Chancellor Olaf Scholz (SPD) in Berlin said the vote was still ongoing within the EU on the issue. “This process is not yet complete in all respects.” The issue could also play a role in the meeting of EU foreign ministers in Brest, France on Friday.

The United States announced weeks ago that it would not send any official representatives to the Games in China from February 4 to 20. Australia, Canada, Great Britain and New Zealand followed suit. The main reason for this is the human rights situation in the world’s most populous country. The leadership in Beijing is criticized for its treatment of Muslim Uighurs and Tibetans in Xinjiang province, but also for suppressing the democracy movement in Hong Kong and threats against Taiwan.
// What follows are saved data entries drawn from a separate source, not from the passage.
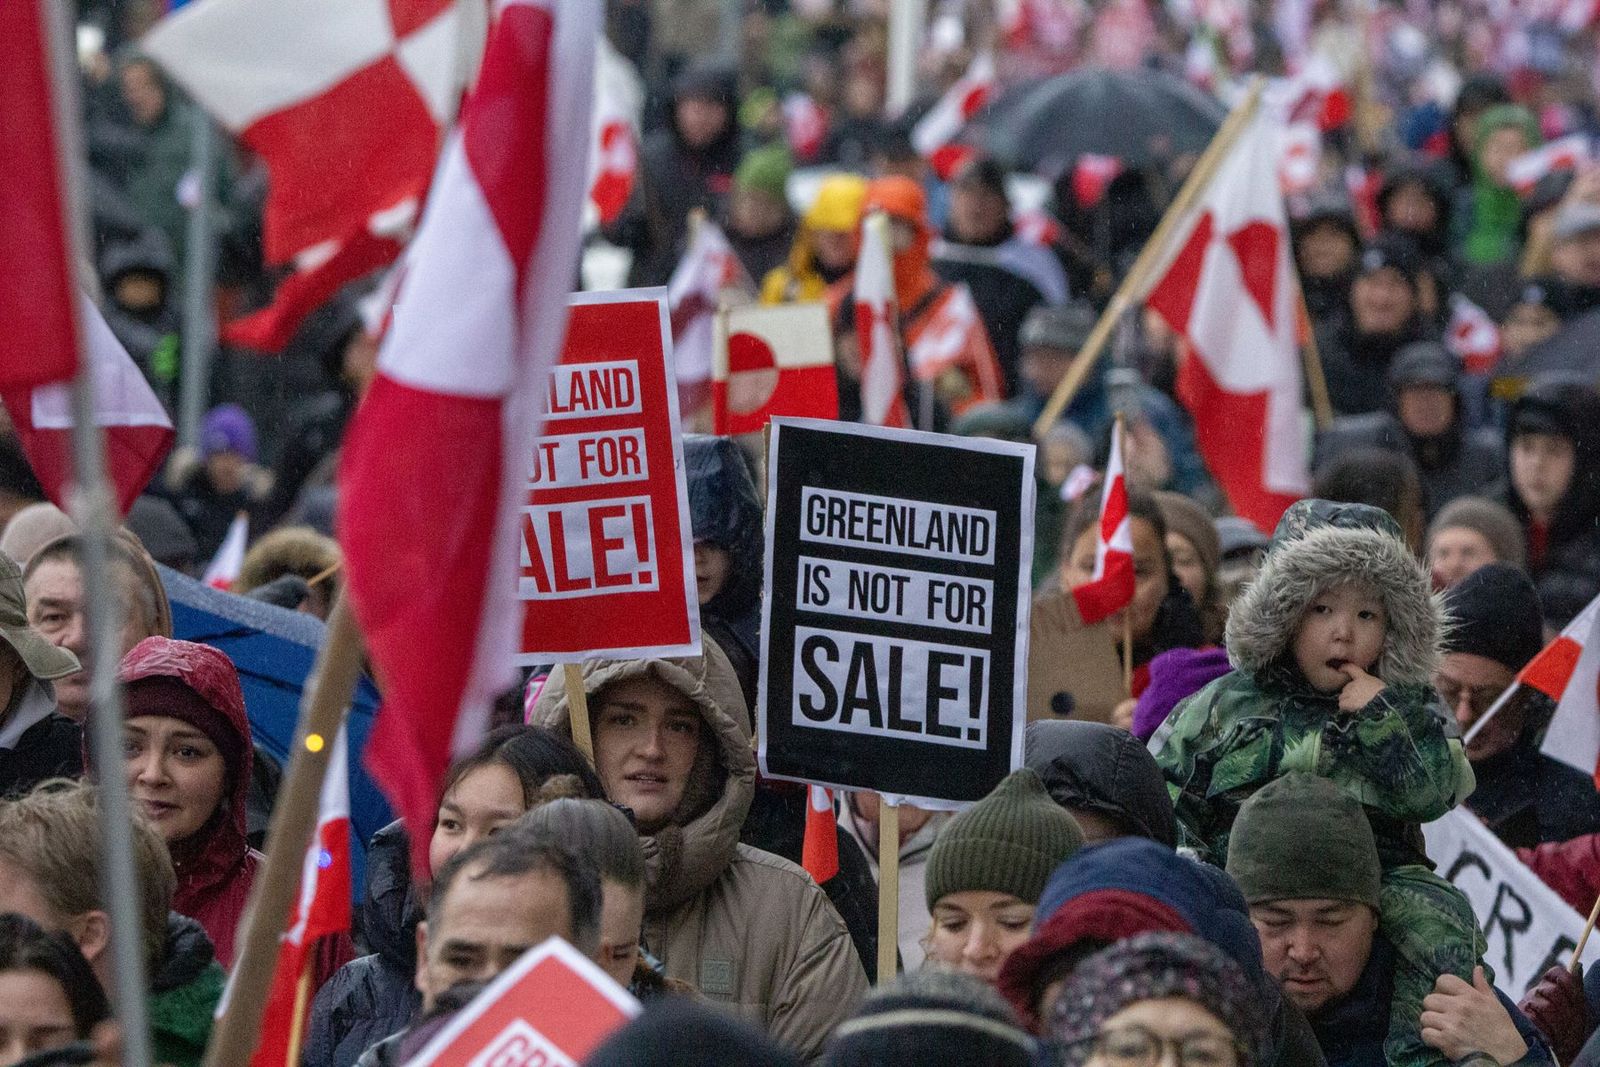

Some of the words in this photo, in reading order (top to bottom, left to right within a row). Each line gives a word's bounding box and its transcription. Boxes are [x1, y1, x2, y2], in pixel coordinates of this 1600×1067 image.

[541, 368, 635, 414] LAND
[578, 435, 642, 480] FOR
[514, 503, 652, 593] ALE!
[806, 493, 990, 557] GREENLAND
[803, 563, 831, 606] IS
[848, 569, 910, 616] NOT
[927, 580, 986, 626] FOR
[799, 635, 984, 741] SALE!
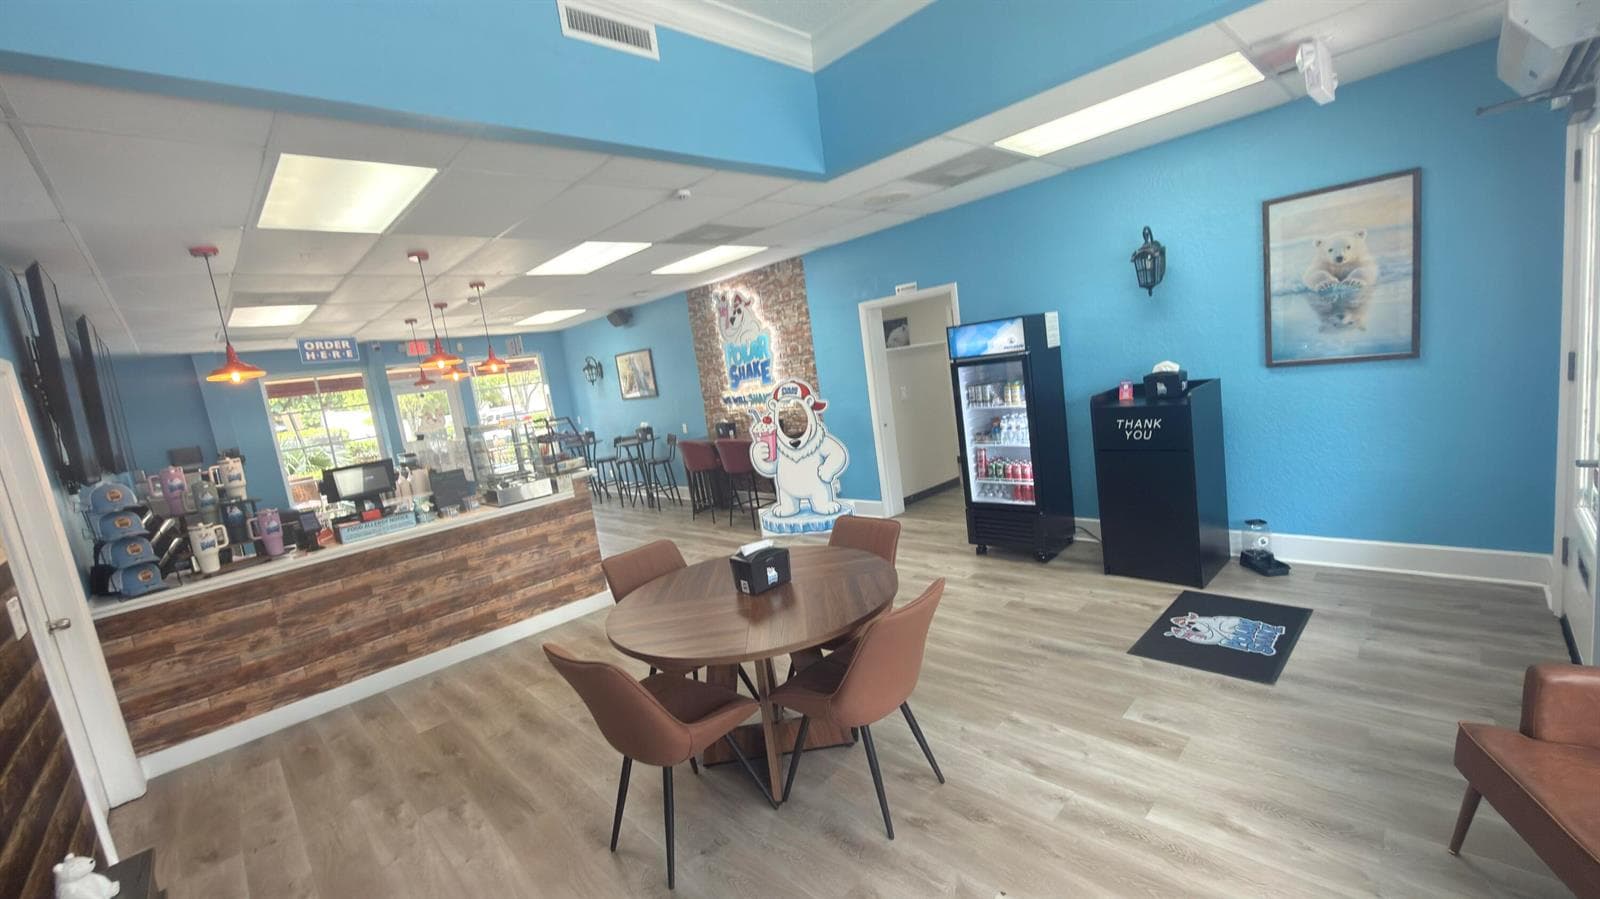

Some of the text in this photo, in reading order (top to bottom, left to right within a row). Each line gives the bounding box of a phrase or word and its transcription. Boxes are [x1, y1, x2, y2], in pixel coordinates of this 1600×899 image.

[304, 341, 351, 350] ORDER
[726, 334, 769, 369] POLAR
[729, 360, 771, 390] SHAKE
[1116, 418, 1162, 429] THANK
[1125, 430, 1152, 440] YOU
Olympic opening ceremony on 4 February

On the other hand, UN Secretary-General Antonio Guterres will travel to Beijing for the opening ceremony. The Portuguese announced it in New York. “First of all, the Olympics is an extremely important event and it is an event that symbolizes the role of sport in bringing people together and promoting peace,” Guterres said. He therefore intends to appear at the opening ceremony on 4 February “without a political dimension”, “with the message that the Olympic Games should be an instrument for peace in the world”.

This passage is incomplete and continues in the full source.